Monkeying Around
May 16 2008
Its IMFAR time again and over on Age of Autism (thanks to Kelli Ann Davies for this priceless hat tip) they’re getting all het-up:
SICK MONKEYS: RESEARCH LINKS VACCINE LOAD, AUTISM SIGNS
The first research project to examine effects of the total vaccine load received by children in the 1990s has found autism-like signs and symptoms in infant monkeys vaccinated the same way. The study’s principal investigator, Laura Hewitson from the University of Pittsburgh, reports developmental delays, behavior problems and brain changes in macaque monkeys that mimic “certain neurological abnormalities of autism.”

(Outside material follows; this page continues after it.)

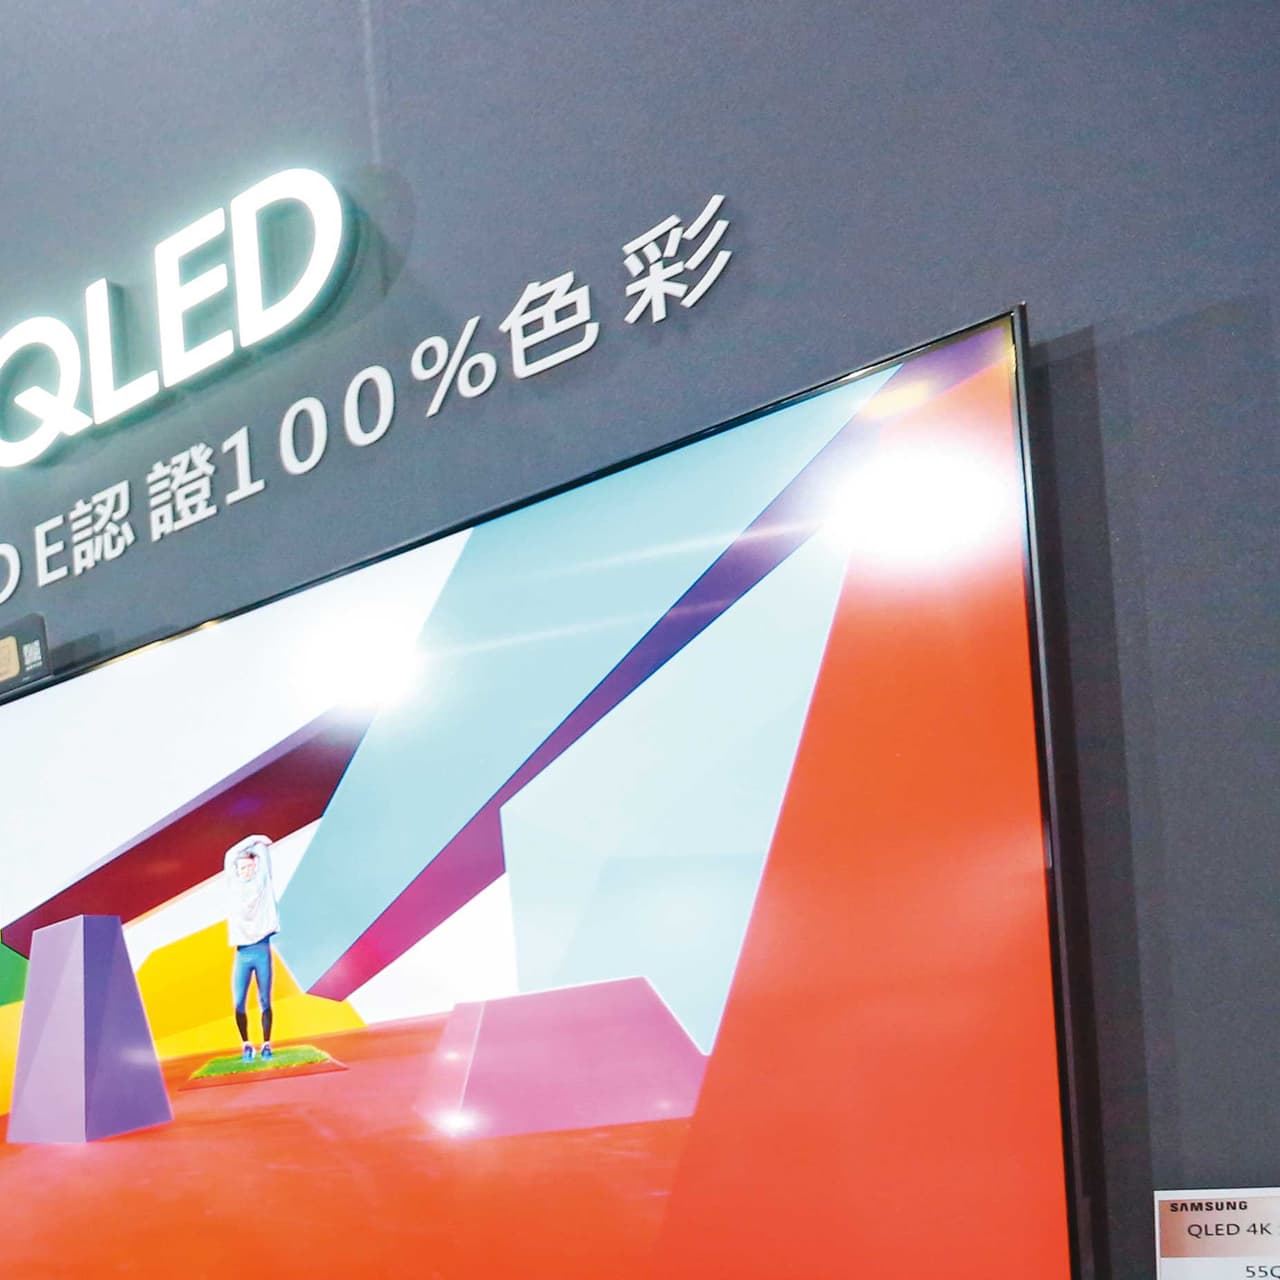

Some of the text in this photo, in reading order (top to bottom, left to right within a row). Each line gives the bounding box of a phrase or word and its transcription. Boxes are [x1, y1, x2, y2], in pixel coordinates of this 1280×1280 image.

[1170, 1201, 1248, 1212] SAMSUNG
[1187, 1222, 1272, 1239] QLED 4K

Autism signs? Not just ‘autism? Research hasn’t linked vaccine load to autism?
I’d love to tell you more about this (and the other two accompanying studies on the same subject) but I can’t. Why? Well, because they’re not actually studies as such. They’re poster presentations.
So, what’s a poster presentation? Well, its exactly what it sounds like – its a researcher, making a poster of their research and standing beside it for an hour, hoping other people find it enough of interest to look at. A few popular ones are sometimes asked to be presented orally. There are usually at least a hundred different poster presentations at a conference. It mostly depends on teh size of the conference hall.
Age of Autism’s Dan Olmsted says:
Poster presentations must go through a form of peer review before they are presented at the conference; the papers have not yet appeared in a scientific journal.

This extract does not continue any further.